La Conférence internationale sur la migration et le développement tenue avant-hier à Rome, la capitale italienne, lance-t-elle vraiment les bases d’une réelle coopération sur le phénomène migratoire ?
Il faudra du temps pour le savoir, mais d’ores et déjà l’architecte de cette rencontre, la Première ministre italienne, Giorgia Meloni, a arraché le principe d’un fonds commun dédié à financer des opérations policières de contrôle aux frontières et des programmes de développement dans les pays de départs des migrants clandestins. Une sorte de vente concomitante qui risque de ne pas emballer grand monde au sud de la Méditerranée, même si la Tunisie de Kaïs Saïed, sous le poids des contraintes économiques et de la pression sécuritaire des flux, a déjà fait le pas.
A l’issue de la conférence, à laquelle ont pris part une vingtaine de pays du pourtour méditerranéen, des représentants des monarchies du Golfe, de l’Union européenne et des responsables d’institutions financières, il a été également annoncé l’organisation prochaine d’une conférence de donateurs devant alimenter le fonds créé.
Les Emirats arabes unis, pays représenté à l’occasion par son président et non moins émir d’Abu Dhabi, Mohammed Ben Zayed, ont tenu à être les premiers contributeurs. Ils annoncent un apport généreux de 100 millions d’euros. Pas du tout loin des 105 millions d’euros mobilisés par l’Union européenne dans le cadre de l’«accord stratégique» signé le 16 juillet dernier à Tunis.
Giorgia Meloni, encore elle, était de la cérémonie de signature. «Le protocole d’accord marque une nouvelle étape importante pour traiter la crise migratoire de façon intégrée (…). Il peut être considéré comme un modèle pour l’établissement de nouvelles relations avec l’Afrique du Nord», s’était réjouie la Première ministre italienne. L’accord consiste en gros à empêcher les départs de bateaux de migrants à partir des côtes tunisiennes, lutter contre les passeurs, ainsi que plus de retours de Tunisiens en situation irrégulière sur le sol européen.

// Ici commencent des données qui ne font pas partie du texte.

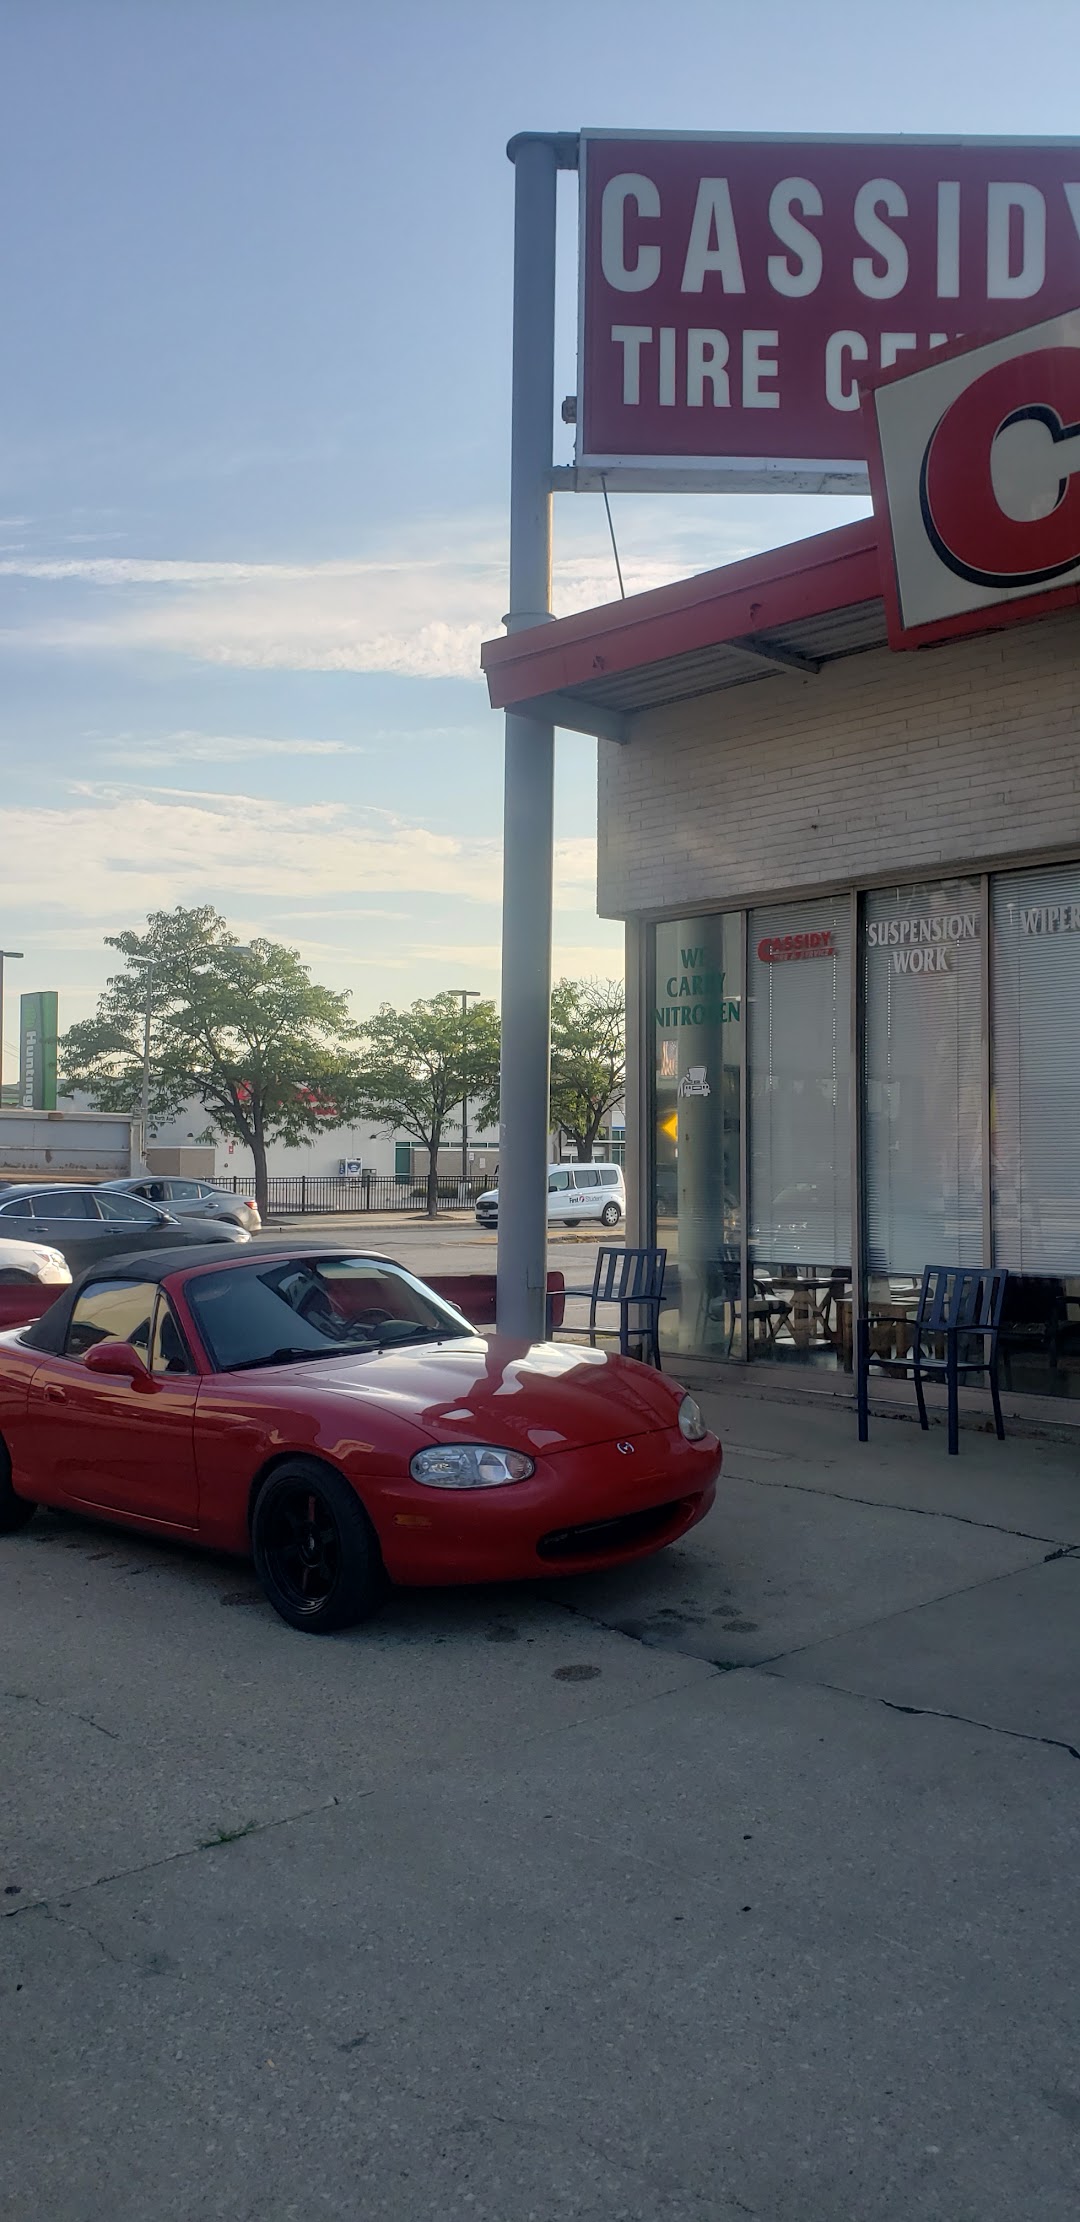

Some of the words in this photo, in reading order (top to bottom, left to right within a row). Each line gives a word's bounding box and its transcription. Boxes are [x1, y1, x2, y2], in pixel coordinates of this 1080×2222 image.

[601, 173, 1080, 300] CASSID
[611, 325, 781, 409] TIRE
[868, 914, 976, 947] SUSPENSION
[757, 931, 831, 962] CASSIDY
[893, 948, 948, 974] WORK
[666, 973, 726, 998] CARY
[654, 1001, 740, 1028] NITROEN

La présidente de la Commission européenne, Ursula von der Leyen, est plus diplomate. Elle s’est félicitée d’une démarche qui promeut «la prospérité partagée», autour de «la stabilité macroéconomique, le commerce et les investissements, la transition énergétique verte, le rapprochement entre les peuples, la migration et la mobilité».
L’idée du gouvernement italien, que la pression migratoire sur le pays place malgré lui comme le leader de la riposte européenne au phénomène, est d’élargir ce type d’accord à d’autres pays d’Afrique du Nord. Sauf que les conditions économiques et politiques au sud de la Méditerranée diffèrent d’un pays à un autre et qu’elles ne sont pas en tout cas aussi aiguës qu’en Tunisie.
L’autre défi consiste en la mise en place de ces instruments de développement promis en direction des pays de l’Afrique subsaharienne, principale pourvoyeuse de flux migratoires. La sincérité des dirigeants européens, ceux de l’Italie surtout, est mise ainsi à l’épreuve quant à la volonté de concrétiser réellement le segment «développement», à terme raisonnable, associé à la nouvelle vision préconisée. «Lutte contre l'immigration illégale, gestion des flux légaux d'immigration, soutien aux réfugiés, et surtout, la chose la plus importante, sinon tout ce que nous ferons sera insuffisant, une large coopération pour soutenir le développement de l'Afrique, et particulièrement des pays de provenance des migrants.»
Ces mots de Giorgia Meloni, à l’ouverture de la conférence de Rome, laissent espérer qu’on a tiré les leçons et qu’on est prêts à aller au-delà des solutions «sécuritaires» jusqu’ici appliquées. Les «lignes de financement prioritaires doivent avant tout concerner les investissements stratégiques et les infrastructures, car c'est la manière la plus pérenne de faire de la coopération», a-t-elle par ailleurs renchéri, plaidant pour un dialogue d’«égal à égal» avec les pays du Sud. Les pays africains ne demandent pas plus et attendent de voir.